RV – A vizinhança é uma palavra quase em extinção, do ponto de vista do conteúdo! Todos nós temos muitos vizinhos, todos nós somos vizinhos de alguém mas na grande maioria de nós não se conhece quem é que mora ao lado. O espaço de conversa é menor, porque as pessoas andam sempre a correr, isso ligado a uma visão egocêntrica das relações na sociedade não trouxe benefícios a ninguém. Reabilitar essa relação de vizinhança passa também por trazer as pessoas mais jovens ao contacto com estas pessoas mais antigas. A vizinhança tem coisas fantásticas e não só as coisas más que são muitas vezes avaliadas, como “a senhora que se mete na minha vida…” Se houvesse sempre alguma pessoa a meter-se na vida de alguém nós não apanhávamos tantos casos de isolamento. A Santa Casa da Misericórdia de Lisboa tem uma enorme intervenção mas sozinha não consegue fazer nada, nem nenhum dos outros organismos, é preciso congregação de esforços. E se as pessoas “não quiserem olhar para o lado”, aí também não se consegue…

E – Será também através destes tempos de crise que as pessoas voltarão a ter a “consciência do outro”, perdida em tempos de maior conforto económico? Há esperança no futuro?

RV –  Eu gostava de acreditar que sim… tenho a certeza que, se não formos falando disso e batalhando estas questões, não conseguimos. Mas eu acredito no futuro, eu sou mesmo de esperança. Não é só pelos portugueses dizerem que “a esperança é a ultima a morrer”, porque só olhando as coisas pela esfera das oportunidades e não pelos problemas é que vamos conseguir resolver alguma coisa.

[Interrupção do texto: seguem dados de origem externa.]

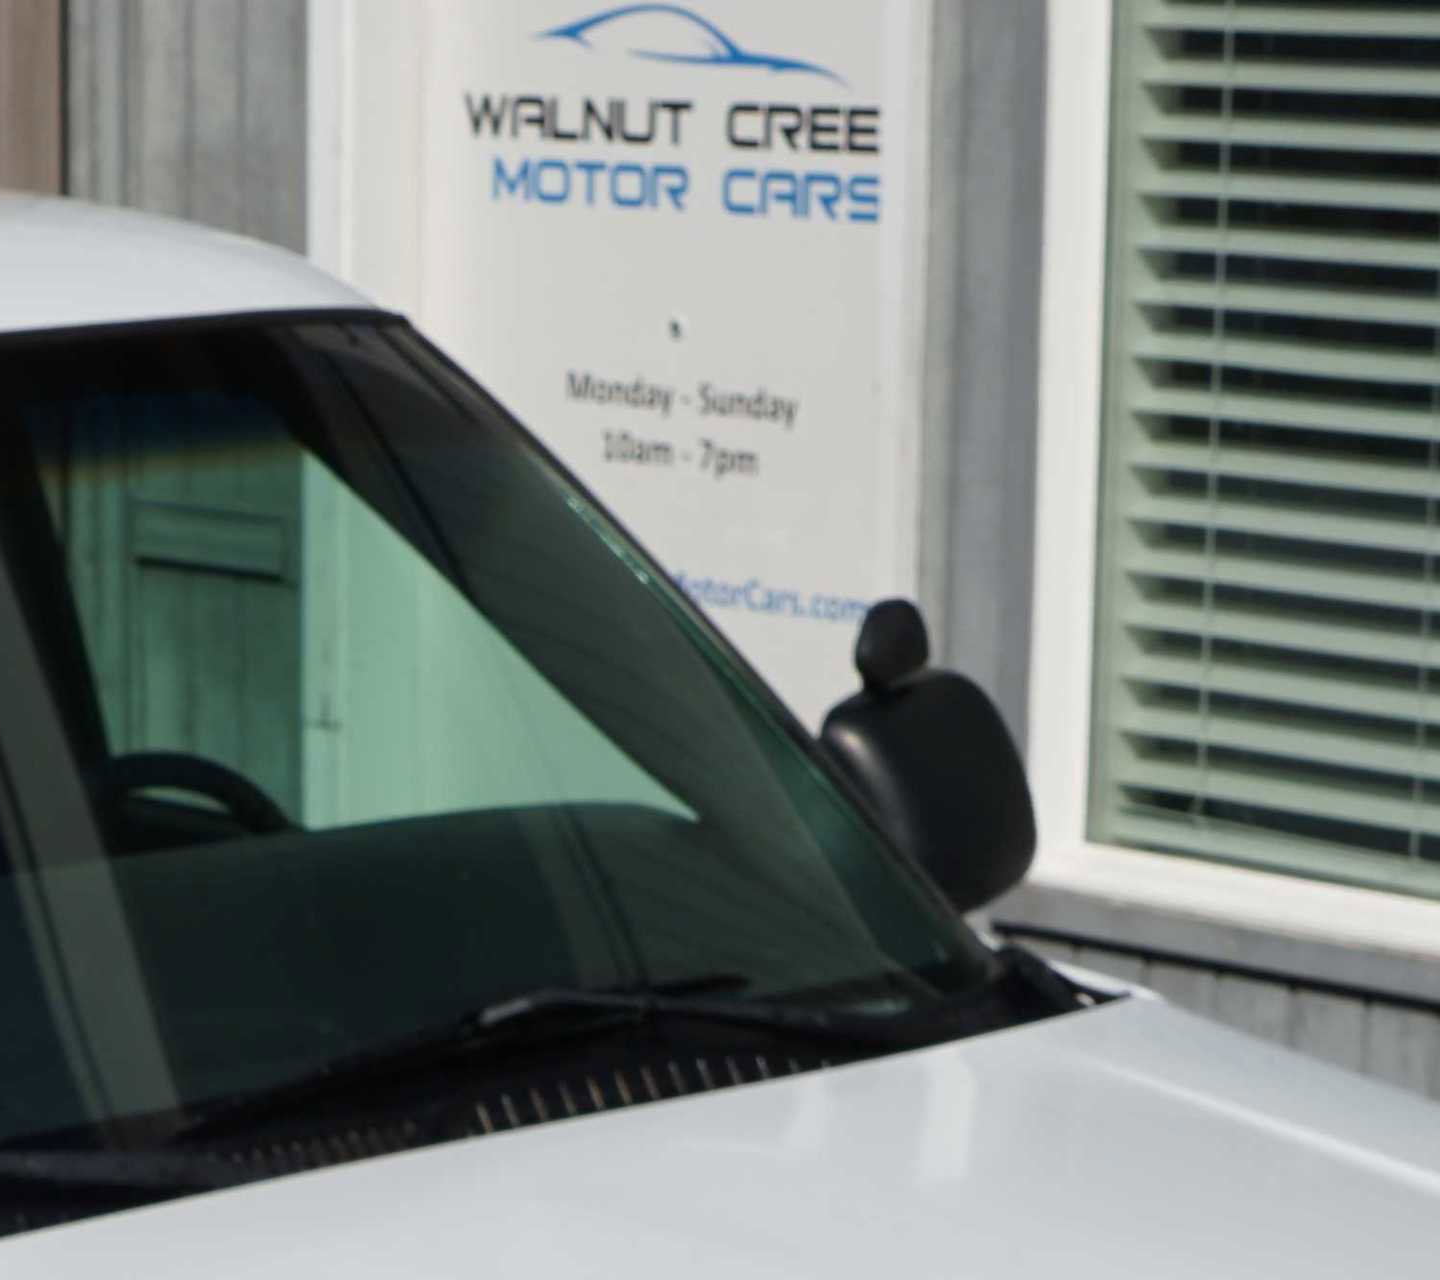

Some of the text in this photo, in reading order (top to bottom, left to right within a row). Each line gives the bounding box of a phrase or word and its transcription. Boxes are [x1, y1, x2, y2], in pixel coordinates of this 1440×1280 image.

E – Tem sinais que permitam constatar que há maior agilidade entre quem faz o tal apoio de proximidade e as instâncias governamentais?

RV – Eu acho que tem havido grandes esforços das duas partes. Sinto que existe uma tentativa de fazer leituras no terreno para decidir a política e acho que devemos apoiar esses movimentos. Por outro lado também há sinais ao nível dos indivíduos. Por exemplo na Santa Casa da Misericórdia nós temos cerca de 600 voluntários e, no início, só apareciam pessoas para trabalhar com crianças, hoje isso alterou-se e há pessoas a querer trabalhar com idosos. Atividades culturais, ler um livro ou fazer companhia são açoes muito importantes e as pessoas percebem, coisa que antes não acontecia.